----- EXERCISE MATERIALS

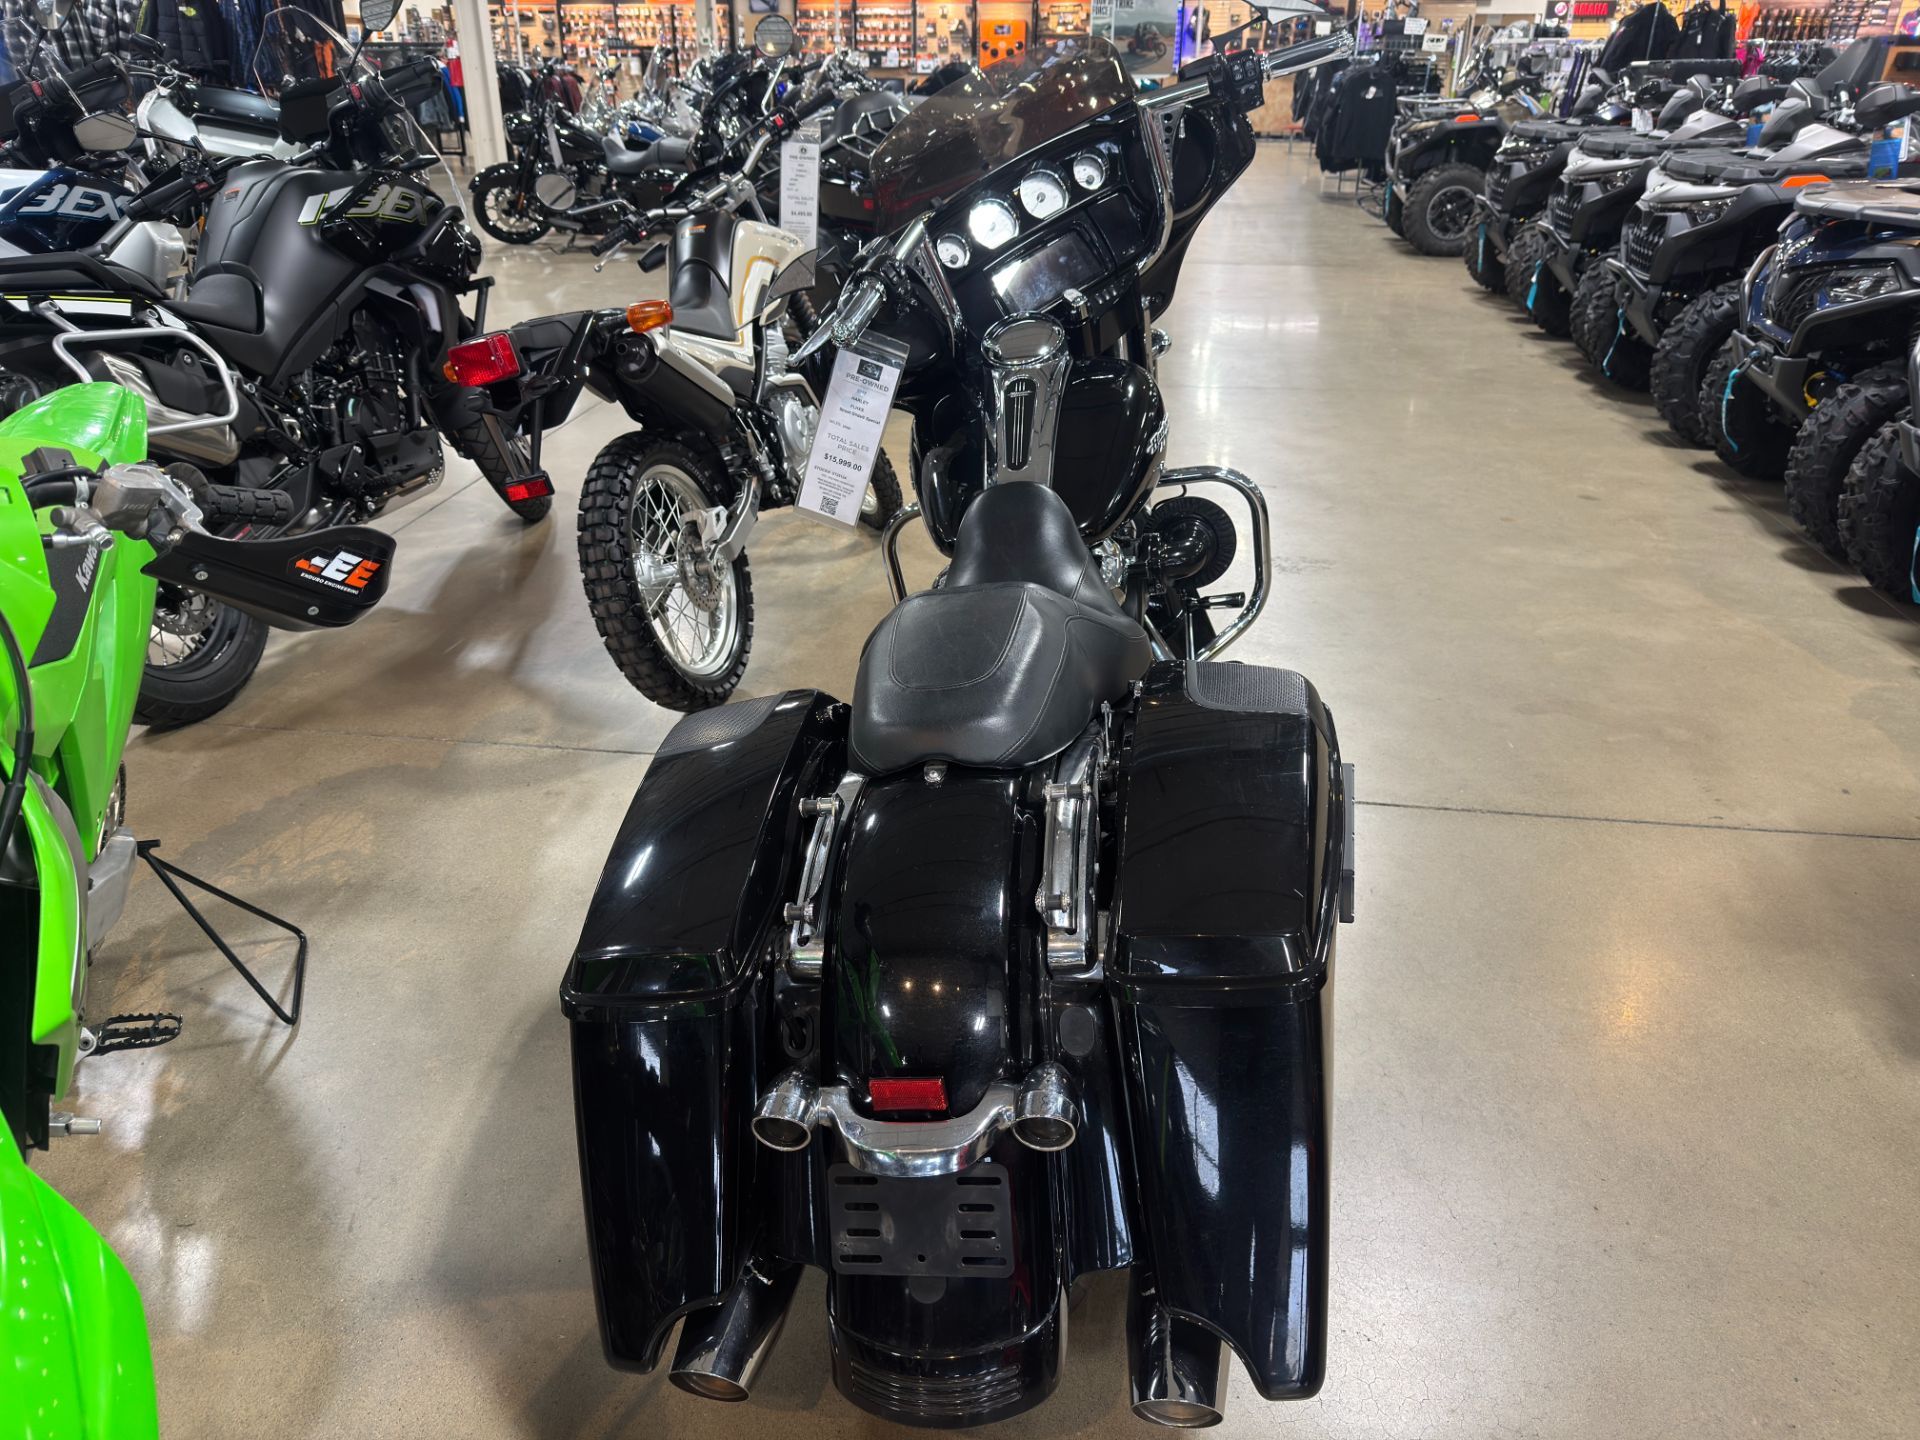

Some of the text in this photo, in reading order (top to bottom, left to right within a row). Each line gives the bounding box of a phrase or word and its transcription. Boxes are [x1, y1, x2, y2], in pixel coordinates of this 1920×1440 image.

[846, 372, 890, 392] PRE-OWNED
[827, 432, 870, 452] TOTAL SALES
[837, 443, 857, 455] PRICE
[823, 452, 863, 472] $15,999.00
[300, 571, 359, 596] ENDURO ENGINEERING
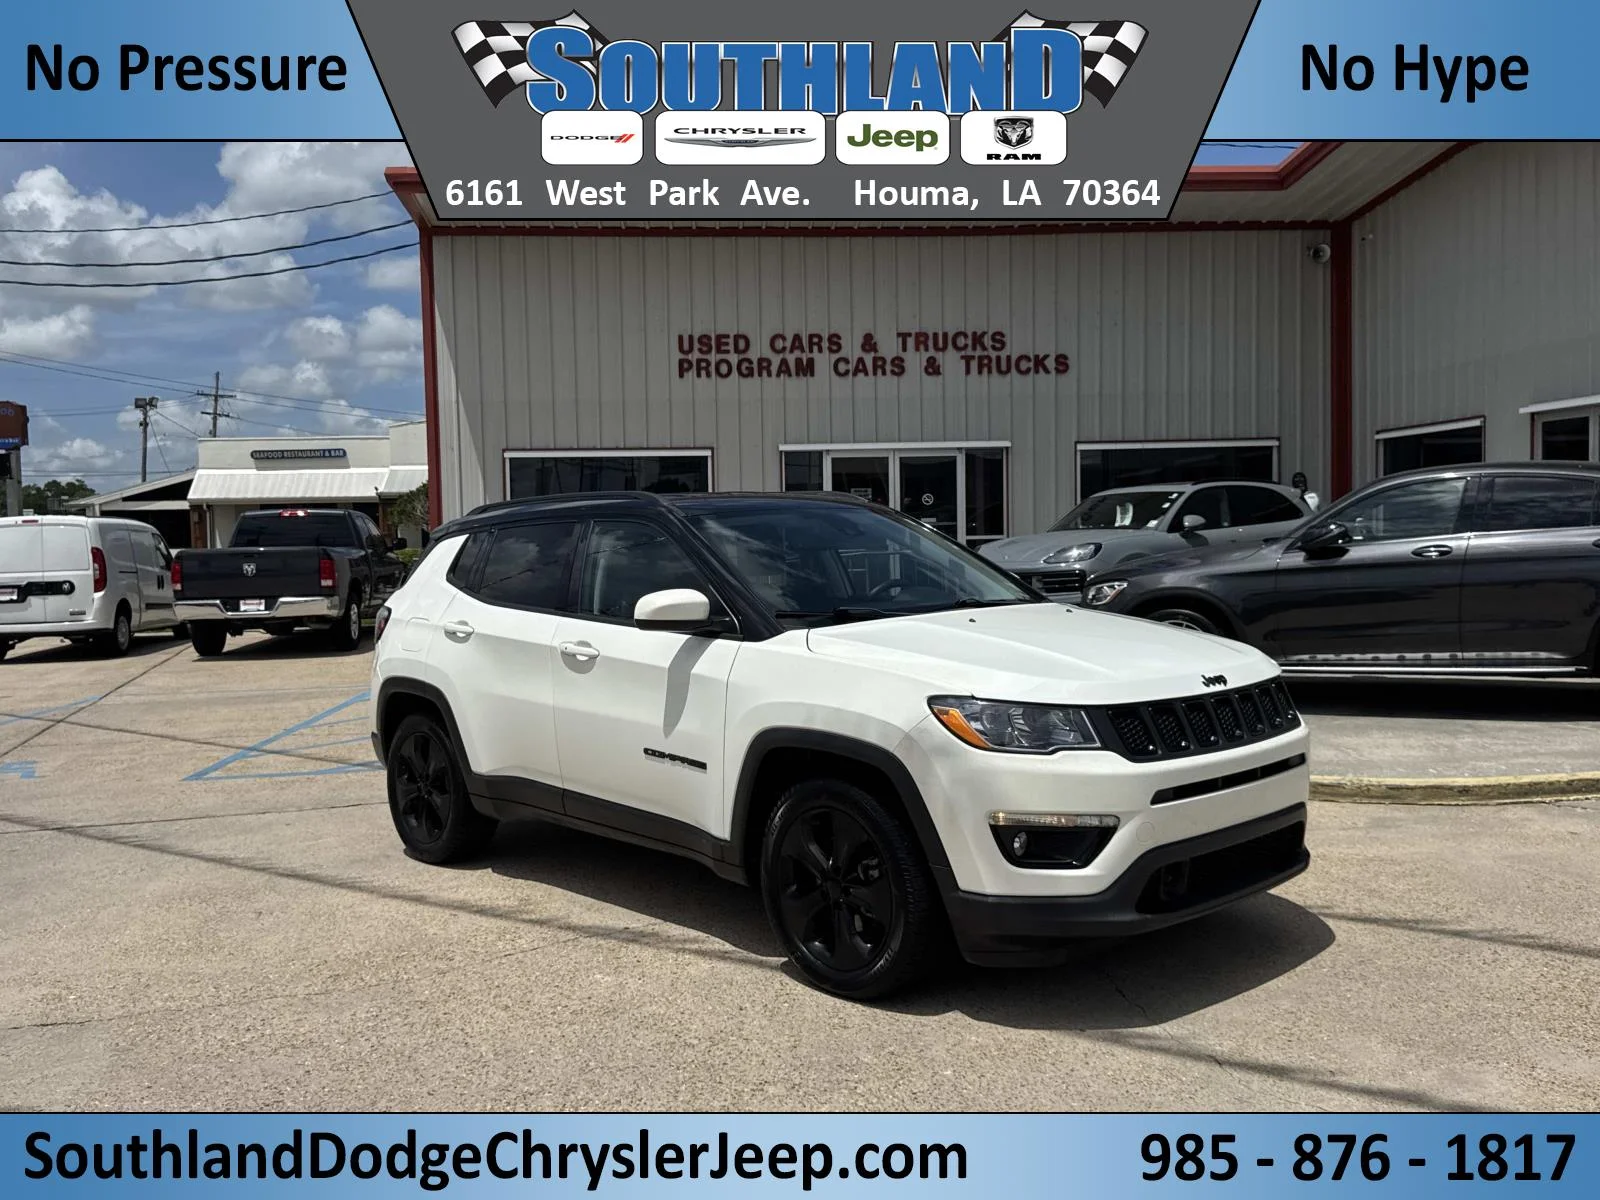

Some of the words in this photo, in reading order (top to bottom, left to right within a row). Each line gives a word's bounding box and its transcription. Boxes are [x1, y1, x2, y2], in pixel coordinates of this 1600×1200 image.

[678, 333, 751, 355] USED
[769, 333, 843, 354] CARS
[860, 332, 879, 354] &
[897, 331, 1007, 352] TRUCKS
[678, 357, 816, 379] PROGRAM
[833, 356, 906, 377] CARS
[923, 355, 942, 377] &
[960, 354, 1070, 376] TRUCKS
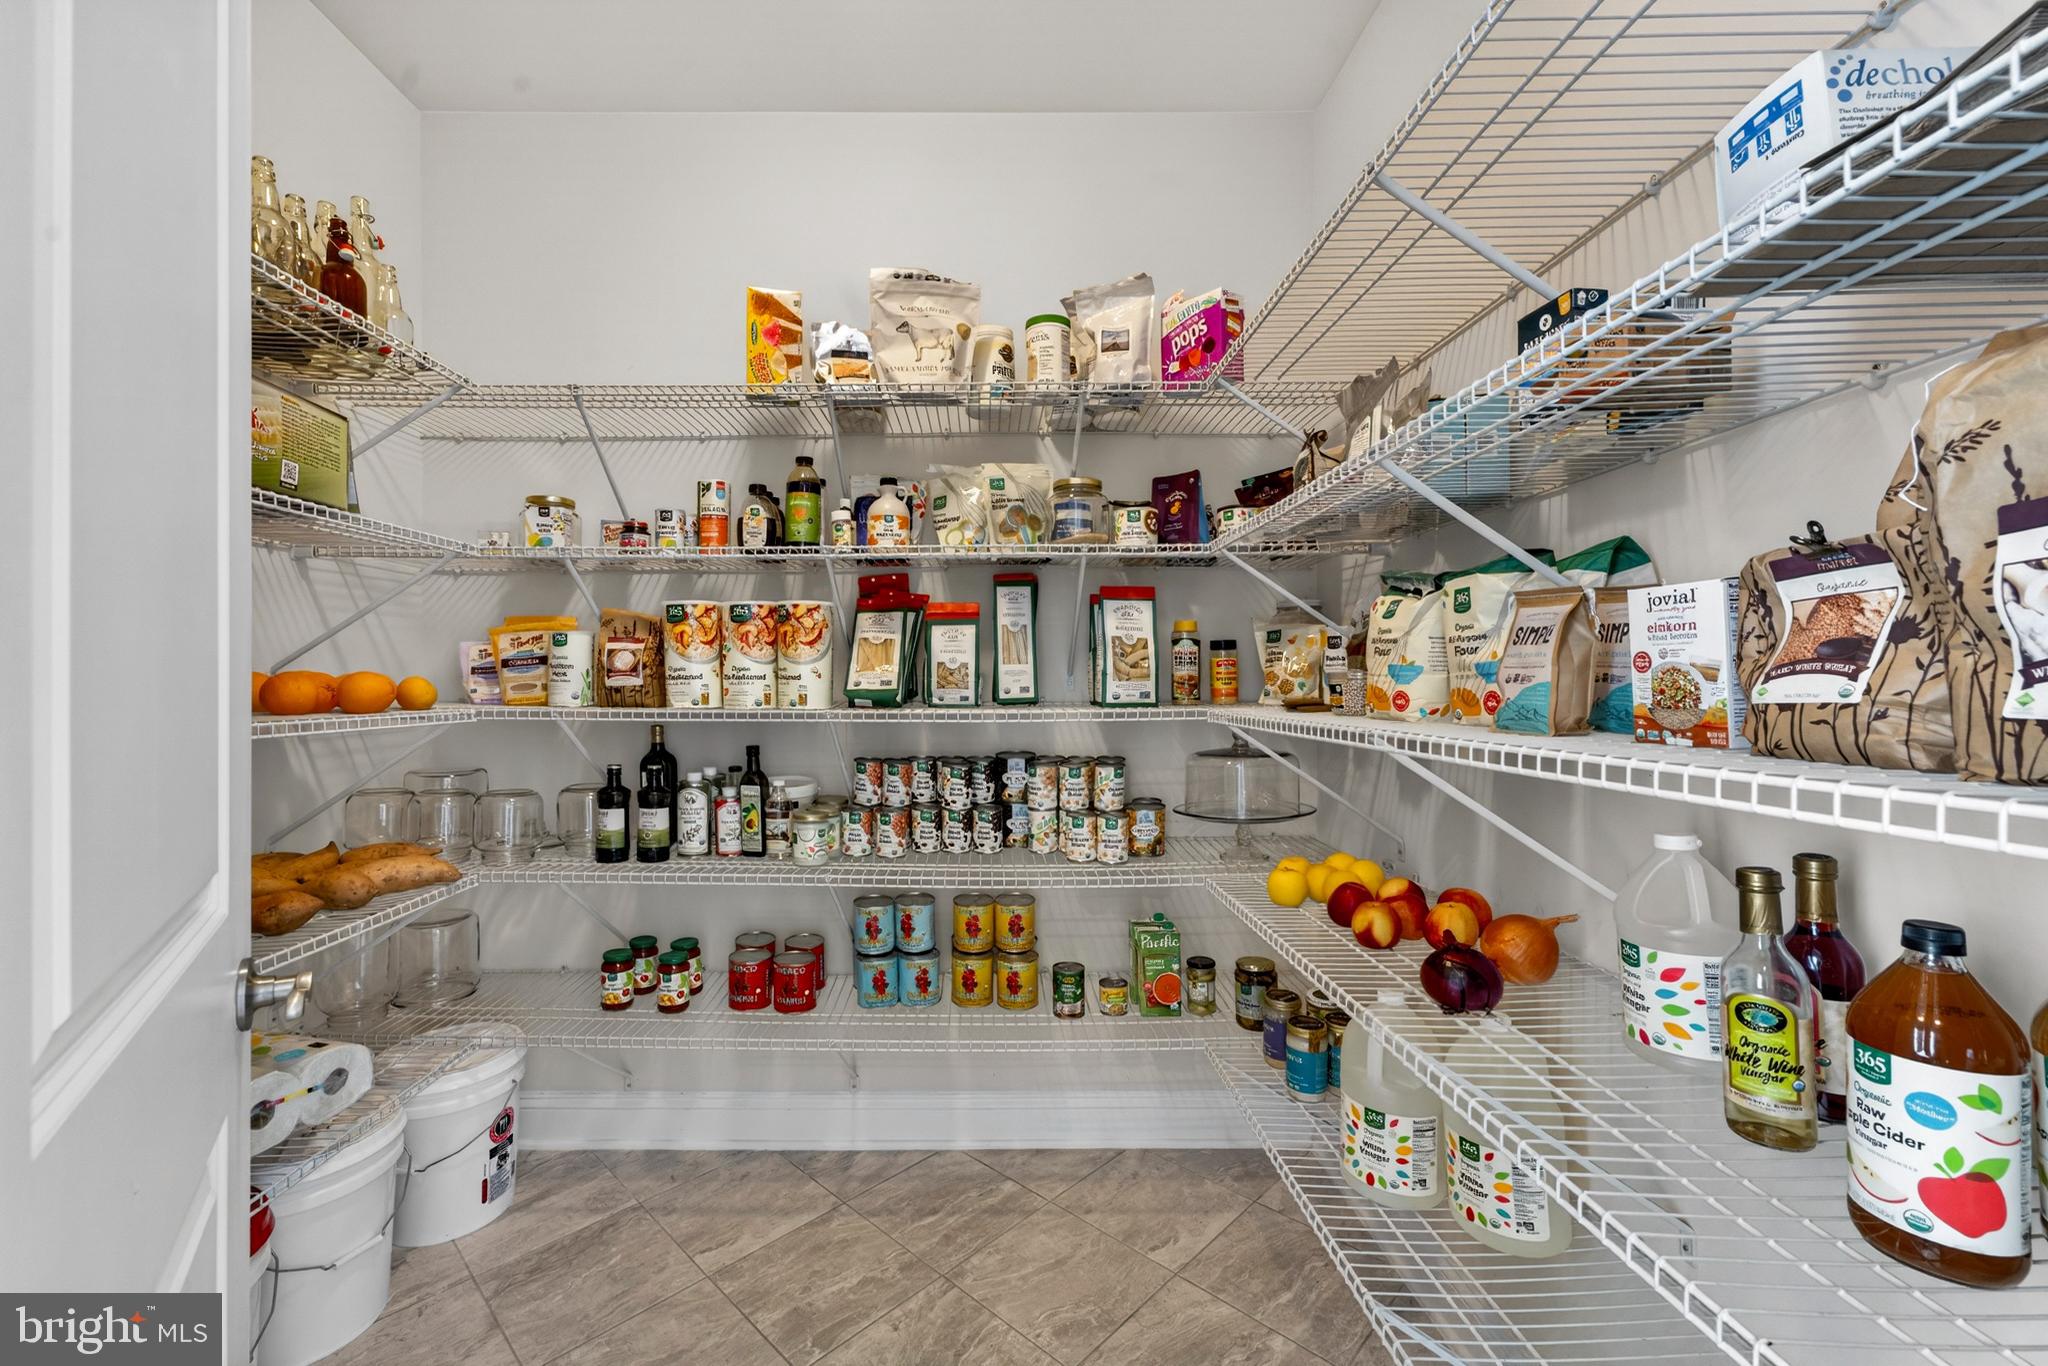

----------

• _EXERCISE PROMPT_
Beginning at the line with "Some of the words", reproduce word for word each line through the last line of the records. Include both ends but no pictures.

• _REPLY_
Some of the words in this photo, in reading order (top to bottom, left to right within a row). Each line gives a word's bounding box and its transcription. Boxes are [x1, y1, x2, y2], in pixel coordinates of this 1600×1200 image.

[678, 333, 751, 355] USED
[769, 333, 843, 354] CARS
[860, 332, 879, 354] &
[897, 331, 1007, 352] TRUCKS
[678, 357, 816, 379] PROGRAM
[833, 356, 906, 377] CARS
[923, 355, 942, 377] &
[960, 354, 1070, 376] TRUCKS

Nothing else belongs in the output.